Cancun text sheds ‘development’ from agenda

Geneva, 26 Aug (Chakravarthi Raghavan) - The new round of trade negotiations launched at Doha in November 2001 never had any ‘development’ content in its agenda of negotiations, and those who cobbled it together and issued it through a manipulative and secretive consultation process, did not use that term in the document itself.
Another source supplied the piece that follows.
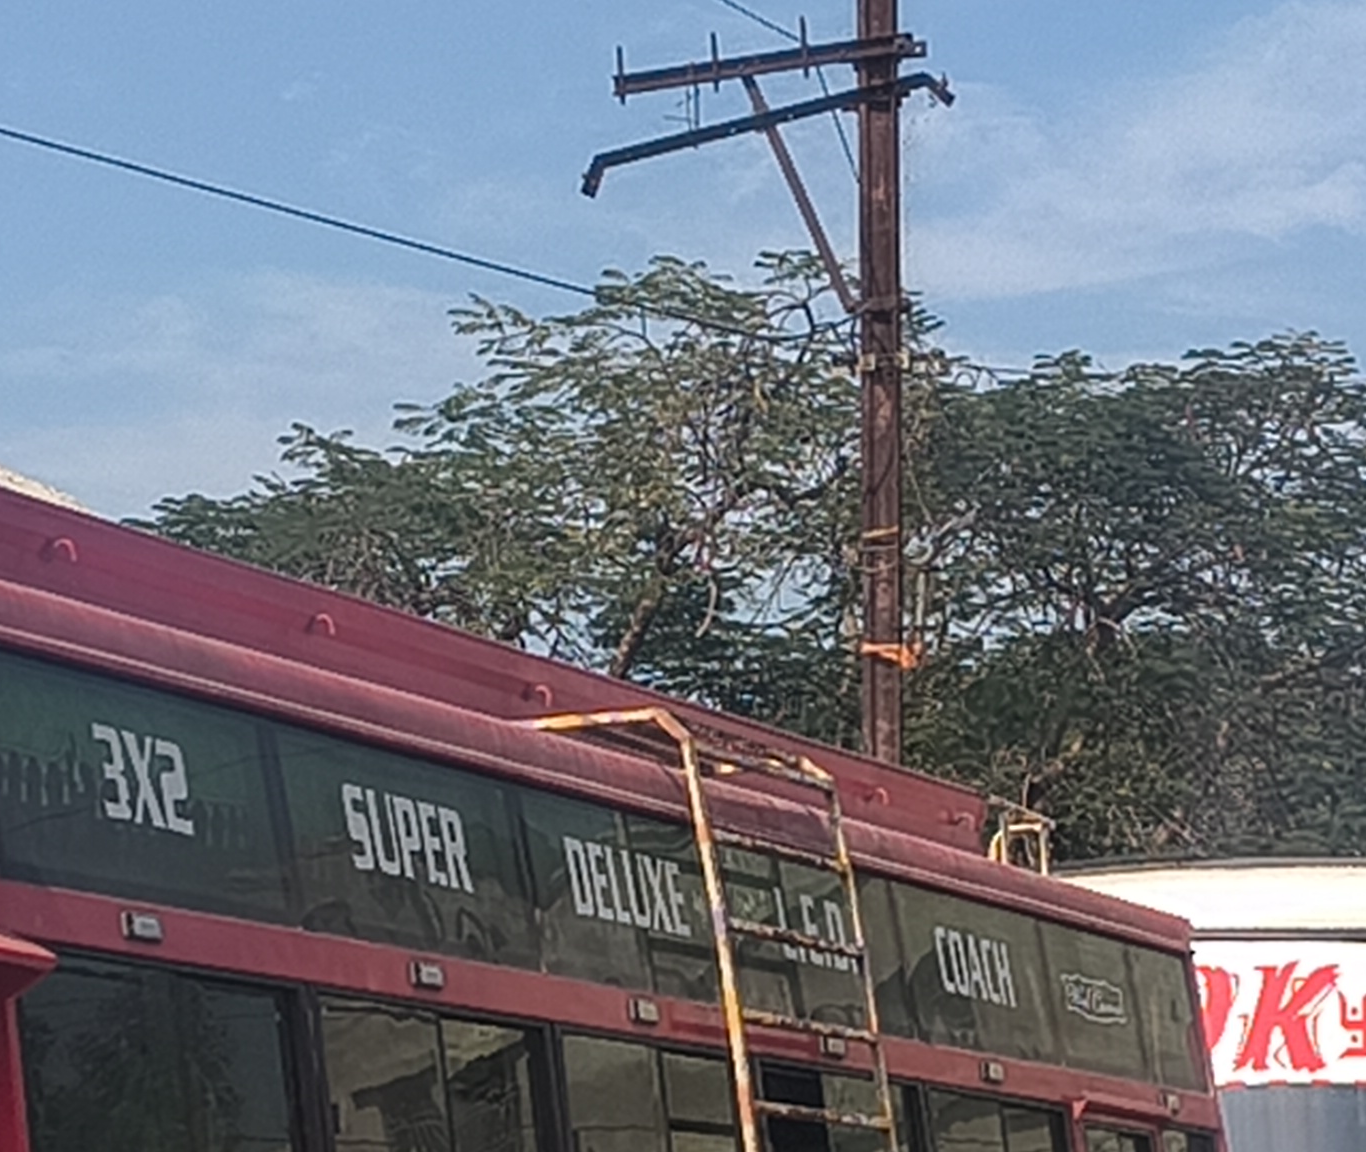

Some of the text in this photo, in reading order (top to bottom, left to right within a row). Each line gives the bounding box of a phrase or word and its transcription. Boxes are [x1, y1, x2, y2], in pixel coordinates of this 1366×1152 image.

[92, 722, 195, 836] 3X2
[341, 783, 475, 893] SUPER
[563, 836, 691, 937] DELUXE
[935, 926, 1017, 1008] COACH
An initial EU attempt to describe it as ‘development round’ failed to fly at Doha, and later at the UN.

But soon after return from Doha, several of the WTO representatives, whose countries and ministers had played a key role, as facilitators and otherwise, to get the declaration through, tried to project it as a development one - pointing to several items and paragraphs in the work programme, including the paragraphs relating to small economies (para 35); trade, debt and finance (para 36); trade and transfer of technology (para 37), technical cooperation and capacity building (paras38-41), the provisions on least developed countries, special and differential treatment.

All these items were mandated for study, one or two for study and recommendations, others for study and report to the 5th Ministerial Conference.  The Cancun text merely continues this process, without even structured study, and for report to the 6th ministerial conference (and with no prospect of any actions.)
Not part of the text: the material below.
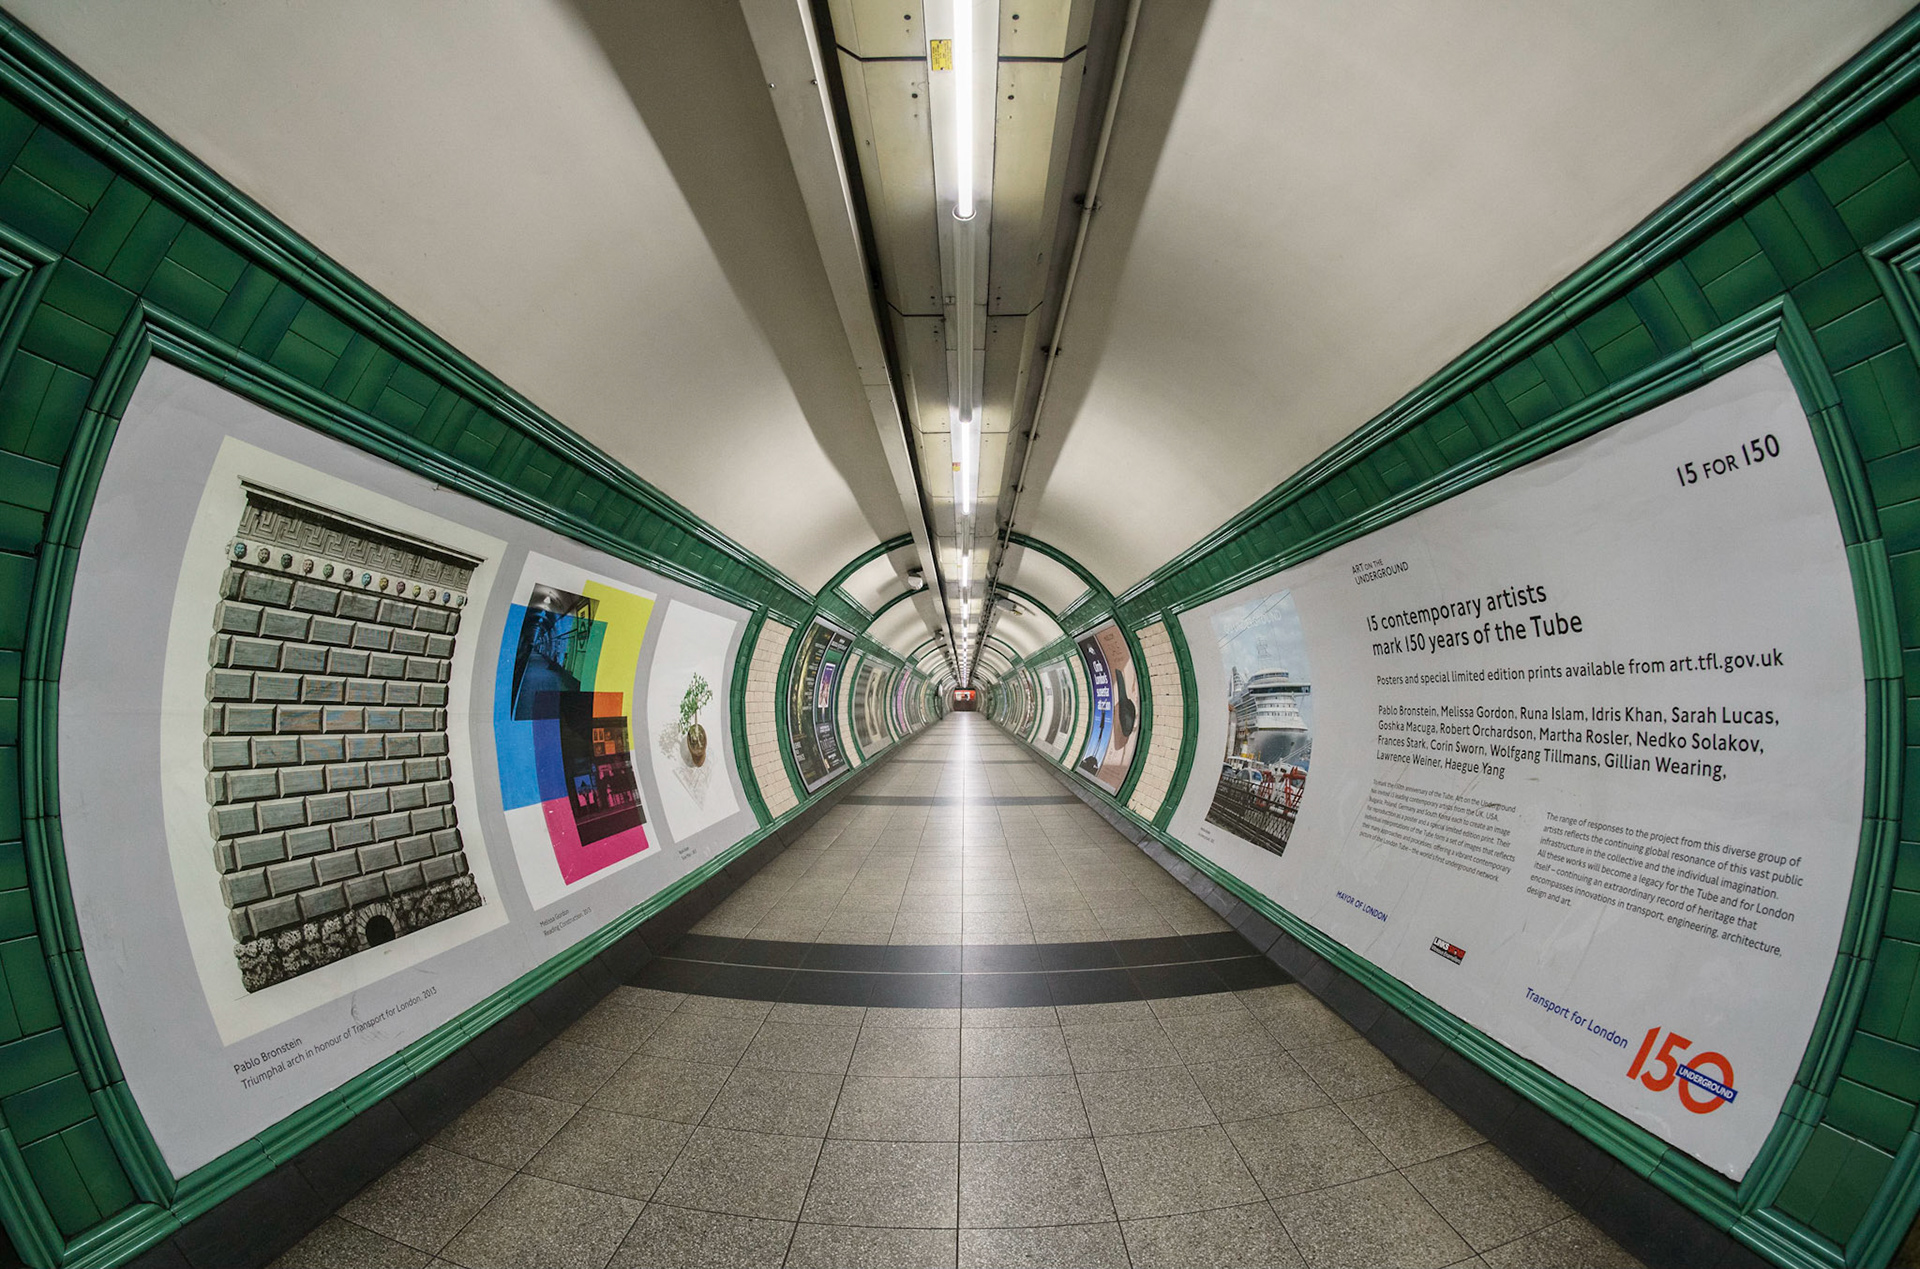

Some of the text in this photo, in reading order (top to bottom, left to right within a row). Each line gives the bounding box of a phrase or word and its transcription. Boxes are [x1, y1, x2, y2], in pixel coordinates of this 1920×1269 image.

The view of the negotiations being one with a ‘development agenda’ was picked up by governments of the North, including the EC and US, who wanted to use the term to hide their own neo-mercantilist demands on the developing world, as well as many developing countries who found it expedient to use the term and call it ‘Doha Development Agenda’.
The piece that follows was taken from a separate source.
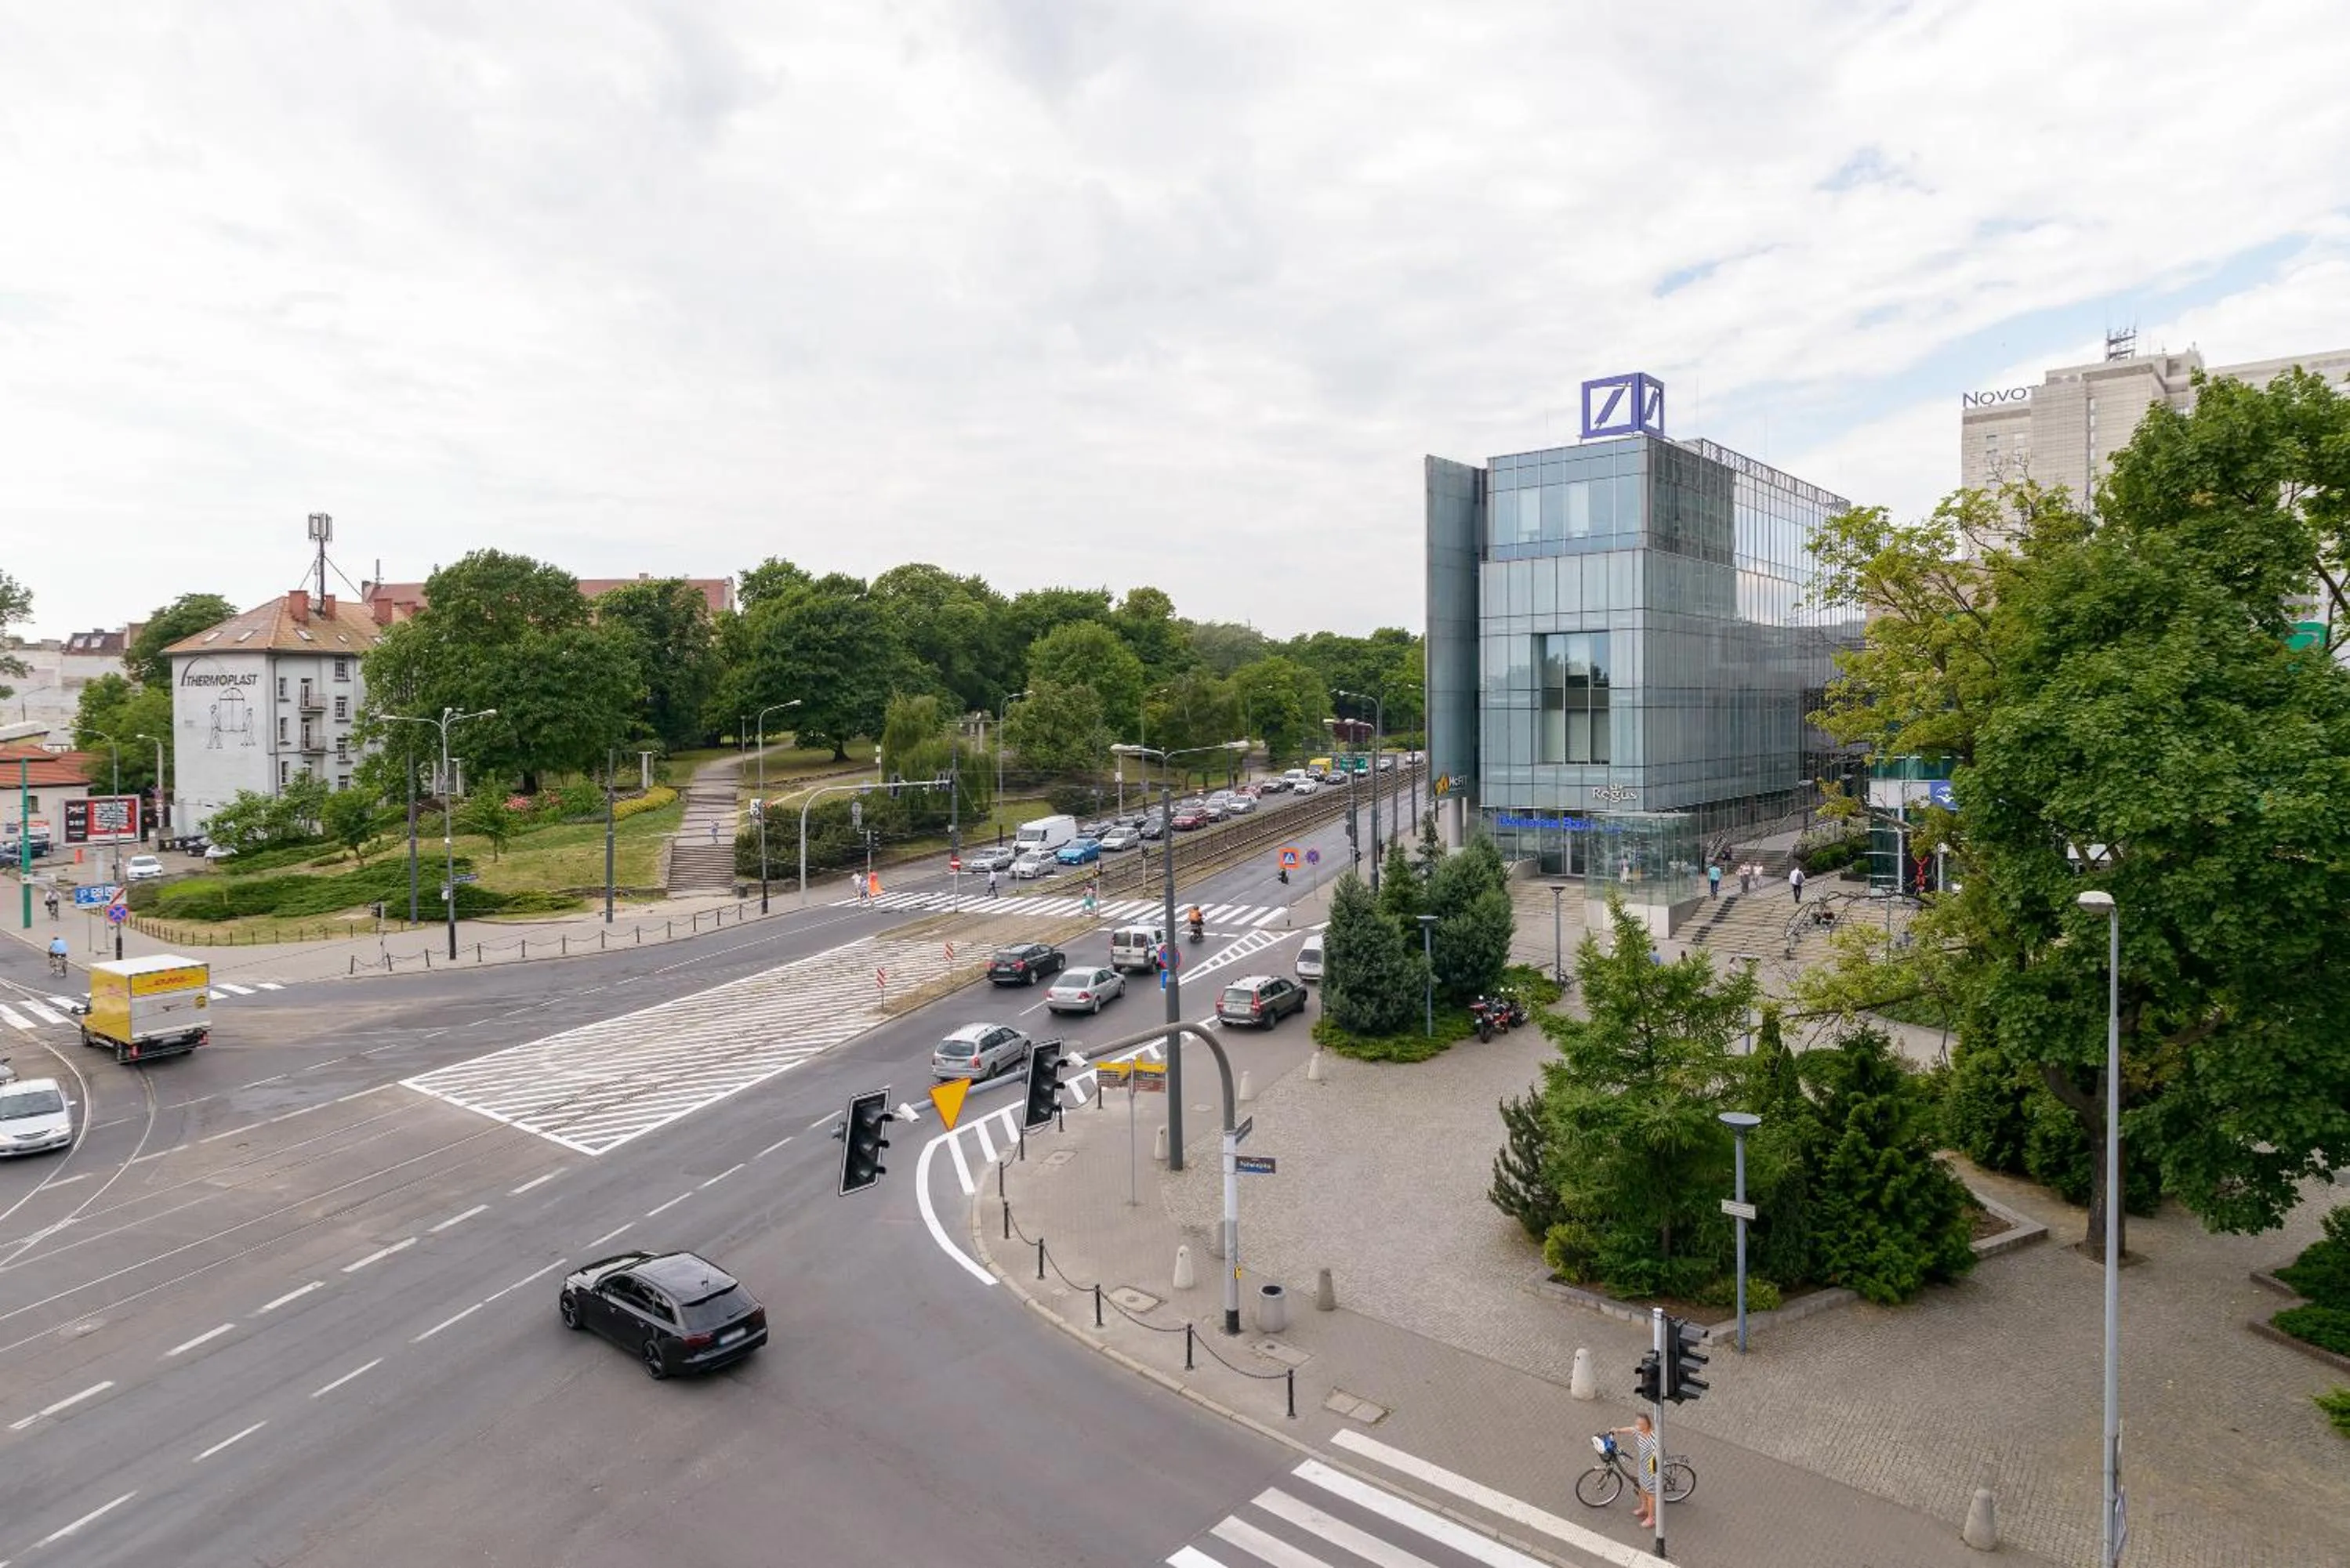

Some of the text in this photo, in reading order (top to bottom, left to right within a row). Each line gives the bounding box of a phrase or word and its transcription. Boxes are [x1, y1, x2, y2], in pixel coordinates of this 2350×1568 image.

The revised Draft Cancun Ministerial Text, issued by the Chairman of the General Council on Sunday night (48 hours later than his initial promise of issuing a draft on 22 August, to enable delegations to consult capitals, and provide their views and reactions at the General Council on 25), puts an end to the myth of the negotiations being a ‘development’ one.

The text in written form was apparently provided by fax to delegations Sunday evening around 19.30 Geneva time, and could be accessed at that time from the Members website of the WTO (accessed through passwords). Delegations of developing countries downloaded it from the website and sent the electronic versions - Job(03)/150/Rev.1 - to their capitals on Sunday night, so that the Capitals could look at them in a hurry and give some instructions. But several delegates said that even by Monday afternoon, there had not been enough time to get instructions from capitals.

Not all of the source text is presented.